Sampang – Kodim 0828/Sampang, TNI Angkatan Darat resmi memulai Karya Bhakti Skala Besar Tahun 2026 di wilayah Pulau Madura melalui upacara pembukaan yang digelar di Alun-alun Kabupaten Bangkalan, Senin (6/7/26). Upacara dipimpin Pangdam V/Brawijaya Mayjen TNI Rudy Saladin dan dihadiri Gubernur Jawa Timur Khofifah Indar Parawansa, jajaran Forkopimda, para bupati se-Madura, pejabat TNI-Polri, serta sekitar 500 peserta dari unsur TNI, Polri, pemerintah daerah, mahasiswa, santri, dan organisasi kemasyarakatan. Kegiatan tersebut menjadi langkah awal pelaksanaan program terpadu yang bertujuan mempercepat pembangunan dan meningkatkan kesejahteraan masyarakat Madura. Dalam amanatnya, Pangdam V/Brawijaya menegaskan bahwa Karya Bhakti TNI AD merupakan implementasi tugas TNI dalam Operasi Militer Selain Perang (OMSP) melalui kolaborasi dengan pemerintah daerah dan seluruh pemangku kepentingan. Program yang dijalankan tidak hanya menyasar pembangunan fisik berupa jembatan, sumur bor, rumah ibadah, rumah tidak layak huni, sekolah, dan panti asuhan, tetapi juga kegiatan nonfisik seperti bakti kesehatan, donor darah, operasi katarak, khitan massal, penanaman pohon, hingga pemberian alat bantu bagi penyandang disabilitas.

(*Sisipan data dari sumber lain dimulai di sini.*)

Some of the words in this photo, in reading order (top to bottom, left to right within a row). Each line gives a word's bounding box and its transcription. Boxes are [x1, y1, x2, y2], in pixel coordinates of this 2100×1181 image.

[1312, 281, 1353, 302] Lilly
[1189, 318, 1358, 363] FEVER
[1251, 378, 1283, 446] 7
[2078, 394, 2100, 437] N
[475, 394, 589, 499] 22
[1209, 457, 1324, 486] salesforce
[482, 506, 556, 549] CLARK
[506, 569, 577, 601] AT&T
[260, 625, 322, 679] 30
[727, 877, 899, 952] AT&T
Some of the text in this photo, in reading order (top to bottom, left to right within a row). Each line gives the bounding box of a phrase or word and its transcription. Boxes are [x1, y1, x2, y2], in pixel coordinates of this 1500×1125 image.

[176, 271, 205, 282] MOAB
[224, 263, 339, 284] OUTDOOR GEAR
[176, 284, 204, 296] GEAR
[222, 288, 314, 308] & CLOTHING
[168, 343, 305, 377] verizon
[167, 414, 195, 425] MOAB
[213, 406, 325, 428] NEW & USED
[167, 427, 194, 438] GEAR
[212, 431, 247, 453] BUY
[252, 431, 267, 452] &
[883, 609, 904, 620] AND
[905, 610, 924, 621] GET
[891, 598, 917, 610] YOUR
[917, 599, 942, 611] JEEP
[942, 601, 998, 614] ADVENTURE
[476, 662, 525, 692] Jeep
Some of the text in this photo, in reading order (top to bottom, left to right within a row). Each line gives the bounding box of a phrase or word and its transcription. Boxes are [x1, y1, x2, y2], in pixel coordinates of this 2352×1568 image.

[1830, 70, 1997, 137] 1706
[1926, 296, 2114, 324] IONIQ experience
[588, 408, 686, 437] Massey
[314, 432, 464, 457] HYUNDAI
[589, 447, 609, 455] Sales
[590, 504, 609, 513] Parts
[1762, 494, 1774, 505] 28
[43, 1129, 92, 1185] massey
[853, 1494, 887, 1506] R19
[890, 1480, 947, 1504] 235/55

Prosesi pembukaan ditandai dengan pemasangan peta Pulau Madura ke peta Indonesia sebagai simbol dimulainya pelaksanaan karya bhakti. Rangkaian kegiatan kemudian dilanjutkan dengan peninjauan posko pelayanan, pemberangkatan karnaval, serta berbagai kegiatan sosial yang akan berlangsung di empat kabupaten di Pulau Madura. Pelaksanaan program tersebut diharapkan mampu memperluas akses masyarakat terhadap infrastruktur, pelayanan kesehatan, pendidikan, air bersih, dan sarana peribadatan.
Dandim 0828/Sampang, Letkol Czi Dika Catur Yanuar Anwar S.T, mengatakan pihaknya siap mengoptimalkan seluruh personel dan bersinergi dengan pemerintah daerah maupun seluruh komponen masyarakat untuk memastikan pelaksanaan karya bhakti berjalan sesuai sasaran. Menurutnya, keberhasilan program tersebut tidak hanya diukur dari hasil pembangunan fisik, tetapi juga dari semakin kuatnya semangat gotong royong dan kepedulian sosial di tengah masyarakat Madura khususnya di Sampang.
“Karya Bhakti Skala Besar ini menjadi momentum memperkuat kemanunggalan TNI dengan rakyat melalui aksi nyata yang langsung menyentuh kebutuhan masyarakat. Kodim Sampang akan mengawal seluruh program agar terlaksana secara optimal, tepat sasaran, dan memberikan manfaat berkelanjutan bagi masyarakat Madura dalam mendukung percepatan pembangunan wilayah,” ujar Letkol Dika. Ia menambahkan, sinergi seluruh elemen menjadi kunci agar setiap program mampu memberikan dampak positif bagi peningkatan kualitas hidup dan kesejahteraan masyarakat.